“Posso, penso, dimostrare non basandomi su speranze ma su fatti,
prove e analisi, che il miglior modo per impedire all’Iran di avere
l’arma nucleare sia attraverso un accordo verificabile e resistente”.
Così il presidente Obama ha risposto ieri al premier Netanyahu a casa
propria: in un’intervista rilasciata a Channel 2 è tornato sulla
questione che da mesi tiene sulla graticola i vertici di Tel Aviv e che
ha aiutato a erodere i rapporti personali con il primo ministro
Netanyahu.
Nessuna azione militare – quella che Tel Aviv e Riyadh
sognano da tempo – ma un accordo negoziato è per Obama l’unica via per
tenere a bada la Repubblica degli Ayatollah: “Una soluzione
militare non metterà le cose a posto, anche se partecipassero gli Stati
Uniti.

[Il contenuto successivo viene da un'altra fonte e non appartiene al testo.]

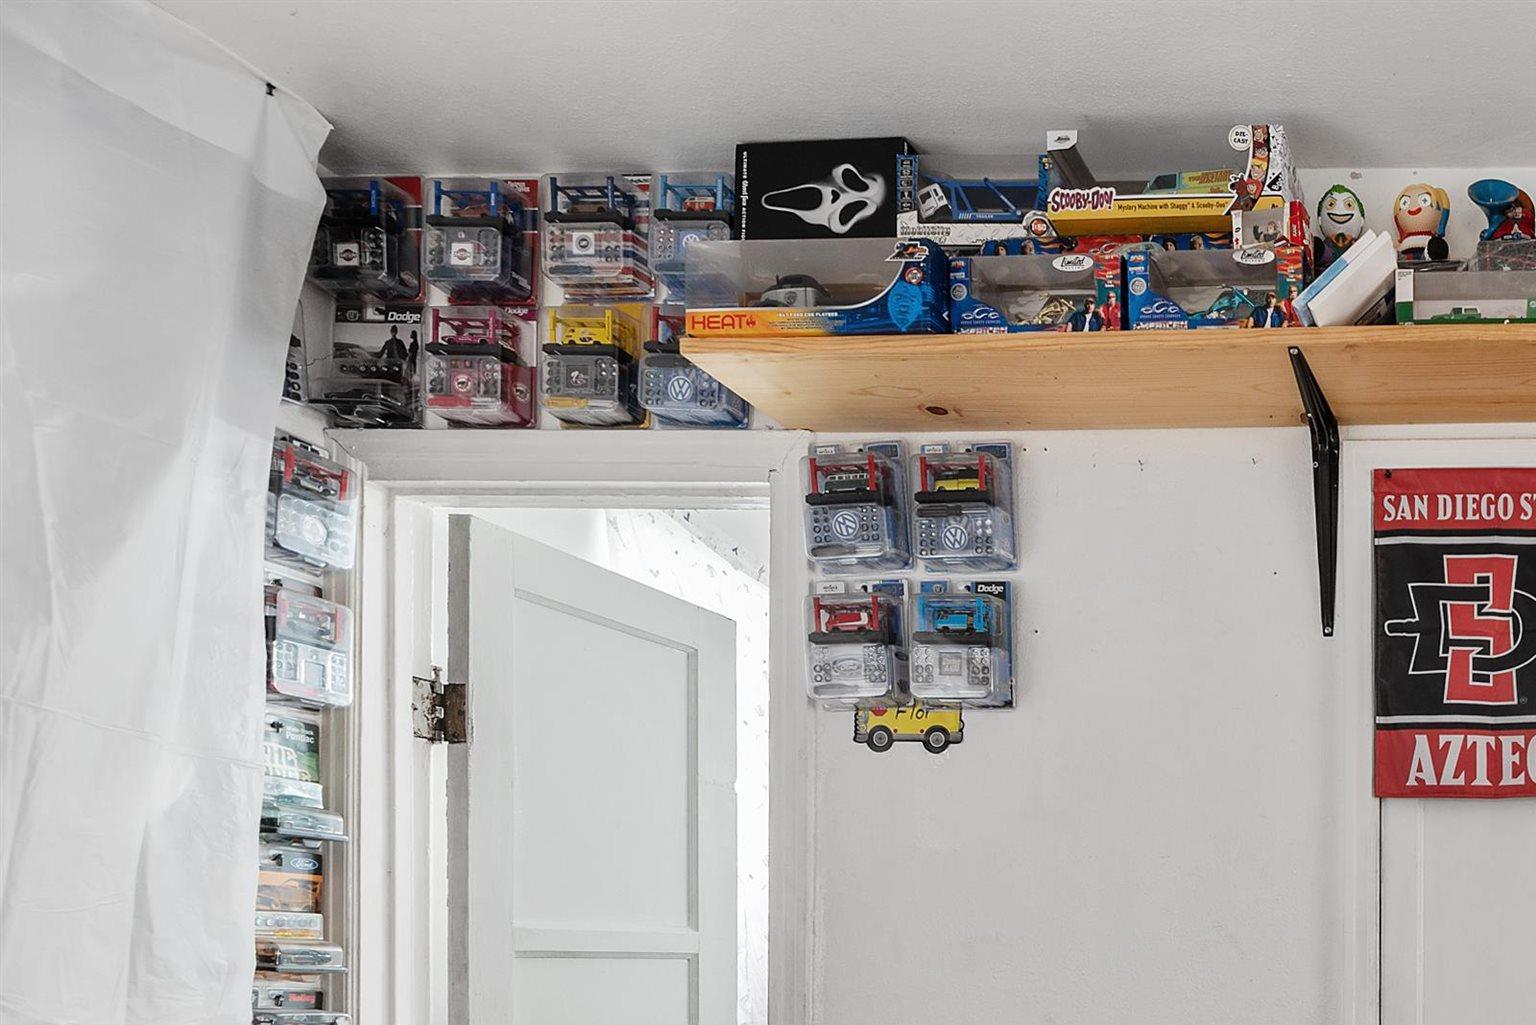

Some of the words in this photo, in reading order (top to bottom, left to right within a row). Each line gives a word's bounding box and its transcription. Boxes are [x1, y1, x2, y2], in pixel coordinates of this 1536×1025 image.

[1050, 189, 1114, 213] SCOOBY-DOO!
[387, 311, 421, 323] Dodge
[691, 314, 747, 330] HEAT
[1383, 494, 1429, 522] SAN
[1437, 493, 1514, 521] DIEGO
[977, 584, 1004, 594] Dodge

Ritarderebbe temporaneamente il programma nucleare iraniano, ma
non lo eliminerebbe”.
Quasi una rivincita quella che si è presa ieri Obama, dopo
che i primi di marzo Netanyahu – a due settimane dal voto in Israele –
si presentò non invitato dalla Casa Bianca al Congresso per lanciare
strali e accuse contro l’accordo del 5+1 su Teheran, riscuotendo grande
successo tra i repubblicani. Bibi ha paura, la stessa paura che hanno i
sauditi: perdere il nemico numero uno, vedere l’Iran che entra
dalla porta principale nella comunità internazionale e tessere normali
rapporti economici e militari con il resto del mondo, e quindi assistere
impotenti all’evaporazione del monopolio di alleati di ferro di
Washington.
Ancora domenica, in un incontro con il ministro degli Esteri tedesco
Frank-Walter Steinmeier, il premier israeliano tornava a ripetere il suo
mantra: l’Iran “è la più grande minaccia alla sicurezza di Israele,
alla stabilità della regione e alla pace del mondo”. Obama da
parte sua non molla, consapevole che un simile accordo (che dovrebbe
essere finalizzato il 30 giugno) è l’unica possibilità di salvare in
corner un’amministrazione che sul Medio Oriente ha fallito, dall’avanzata dell’Isis allo spezzettamento dell’Iraq fino al mancato processo di pace tra israeliani e palestinesi.
Già, il processo di pace. A disturbare l’intransigenza del
nuovo governo di ultradestra israeliano ci si mettono ora anche i
palestinesi, sempre – a quanto pare – con lo zampino
dell’alleato-avversario Obama. Secondo quanto dichiarato ieri dal primo ministro dell’Autorità Nazionale Palestinese, Rami Hamdallah, la
Francia sta coordinato insieme agli Stati Uniti un’iniziativa alle
Nazioni Unite che individua i tempi del ritiro israeliano dai Territori
Occupati e la creazione di uno Stato di Palestina. Entro il 2017, 18 mesi per giungere ad un accordo finale.
“Sul tavolo c’è un’iniziativa francese, coordinata con gli Usa – ha
detto il premier palestinese al The Washington Post – Parlano di un
tempo limite. Questa risoluzione Onu può individuare un periodo entro il
quale terminare l’occupazione e creare uno Stato entro i confini del
‘67”.
Una volta, ha aggiunto Hamdallah, che la risoluzione sarà passata, si
potrà tornare al tavolo del negoziato con Israele. Tel Aviv da parte
sua gioca lo stesso gioco: Netanyahu domenica ha detto al
ministro tedesco di essere pronto al negoziato “senza precondizioni”.
Per poi porne subito due: uno Stato palestinese demilitarizzato e il
riconoscimento da parte palestinese di Israele come Stato ebraico.
Nell’intervista al The Washington Post Hamdallah non è entrato in
dettagli ma ha tenuto a sottolineare di voler passare per le Nazioni
Uniti e non per un dialogo diretto con la controparte. Ha però poi
aggiunto che l’Anp ha ricevuto dagli Usa l’assicurazione di una ripresa
dei negoziati dopo il 30 giugno, dopo la sigla dell’accordo con l’Iran.
Alla fine, pare che l’Autorità Palestina voglia comunque
passare per il dialogo con Tel Aviv, come se una risoluzione Onu ma
soprattutto il diritto di autodeterminazione del popolo palestinese
debbano essere – ancora una volta – oggetto di negoziato.